Nei media occidentali l’indisponibilità di Papa Benedetto XVI a incontrare i cosiddetti dissidenti, in genere manovrati, finanziati o in contatto con il governo degli Stati Uniti, viene spesso aspramente criticata. In qualche caso tale rifiuto viene comparato con quello citato rispetto alle vittime di Maciel, facendo pari e patta tra cose e scelte diversissime. È un’interpretazione sbagliata. Il Vaticano è stato in questi decenni capace di isolare con grande cinismo chi –anche all’interno della Chiesa cattolica- lottava contro dittature e regimi sanguinari considerati funzionali soprattutto alla logica della guerra fredda.
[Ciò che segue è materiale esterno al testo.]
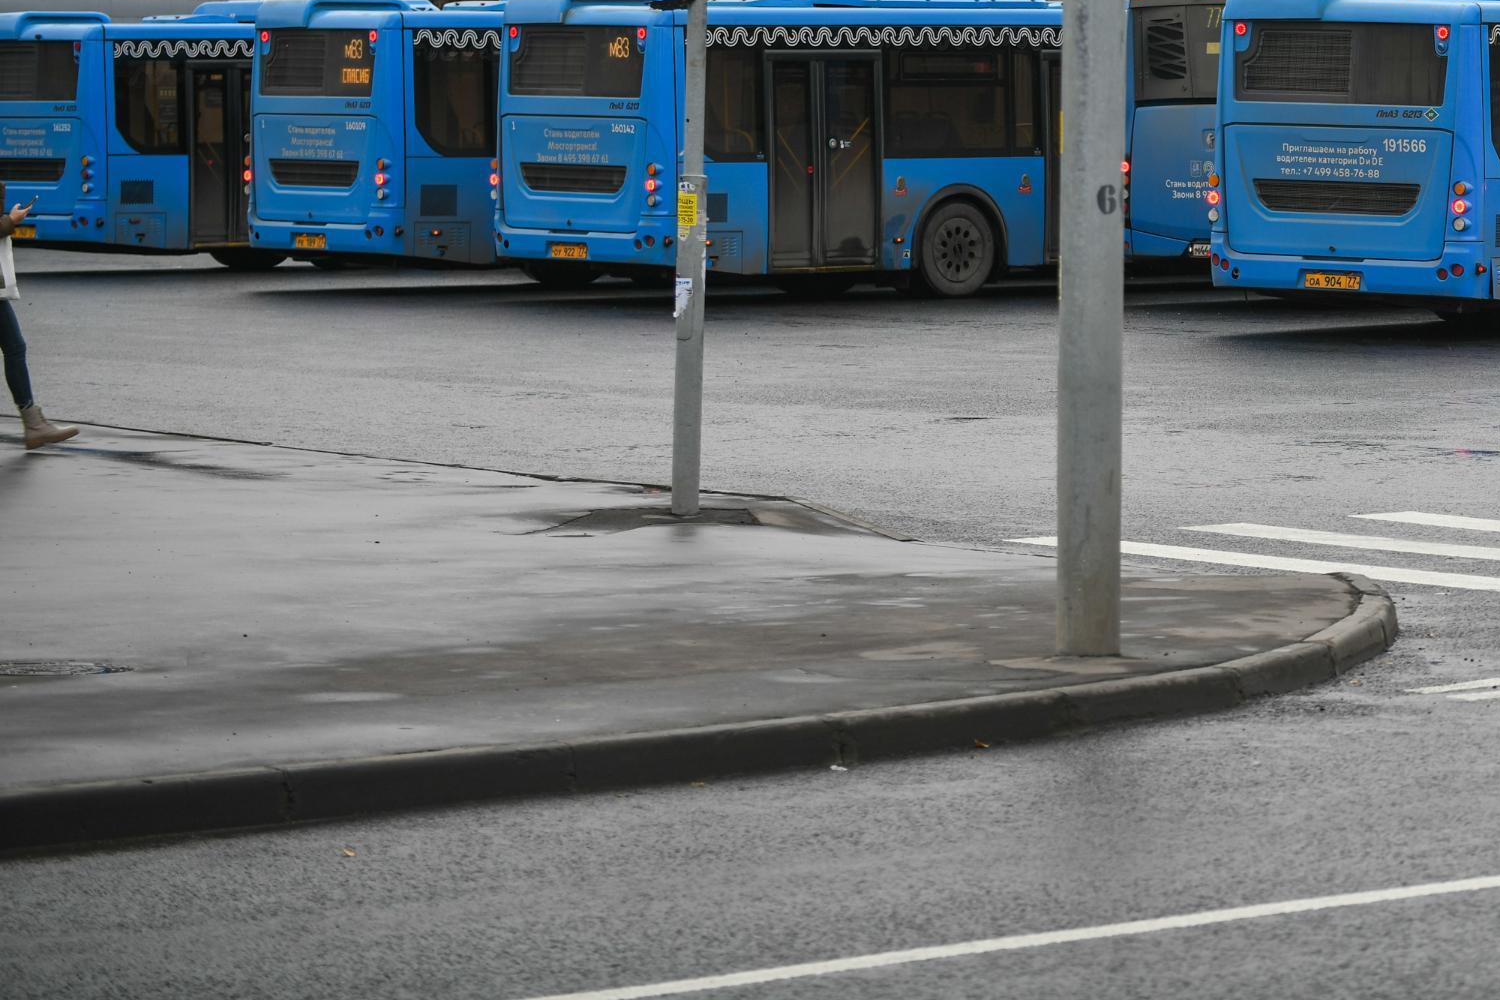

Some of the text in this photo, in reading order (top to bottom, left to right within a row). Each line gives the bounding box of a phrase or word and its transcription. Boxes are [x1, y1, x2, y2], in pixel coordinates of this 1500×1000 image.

Si pensi al citato monsignor Romero o alla totale adesione al pinochetismo ostentata da Wojtyla anche umiliando deliberatamente le associazioni cattoliche per i diritti umani in Cile. Nessuno quindi, tra i pro-cubani a oltranza, può esaltarsi per tale scelta del pontefice che è probabilmente soprattutto realpolitik di una chiesa che pensa innanzitutto a se stessa e ai propri spazi di agibilità. 

Va fatta però un’ulteriore e finale considerazione in merito. I gruppi di opposizione al governo rivoluzionario cubano, in particolare per i motivi di cui sopra, godono di una straordinaria e immeritata buona stampa nel peggio del sistema mediatico mainstream, che li esalta come degli eroi e dei combattenti per la libertà nel presunto gulag tropicale cubano. La scelta di lungo periodo della conferenza episcopale cubana di lavorare in sinergia con il governo e ottenere –tra le molte cose- la liberazione di alcuni prigionieri politici testimonia due cose: da un lato, la persistente infima credibilità di presunti leader dell’opposizione creati e manovrati da Miami (infima credibilità che accomuna il sistema mediatico che tratta Cuba come l’impero del male). Dall’altro, che quello che è un tabù per il governo degli Stati Uniti, l’esistenza di un paese socialista come Cuba, da almeno tre lustri è un fatto accettato per il Vaticano. Poi ognuno può scegliere da che parte stare: con la Rivoluzione (che non è né terrorista, né omofoba, né atea), con l’oltranzismo statunitense e dei media mainstream, o con il dialogo ricercato e trovato dal Cardinale Jaime Ortega. Altra pasta, quest’ultimo, rispetto a quel reazionario dalle pessime frequentazioni di Norberto Rivera che sta per accogliere il papa in un Messico che oggi, va detto con molta pena, è la vera vena aperta dell’America latina.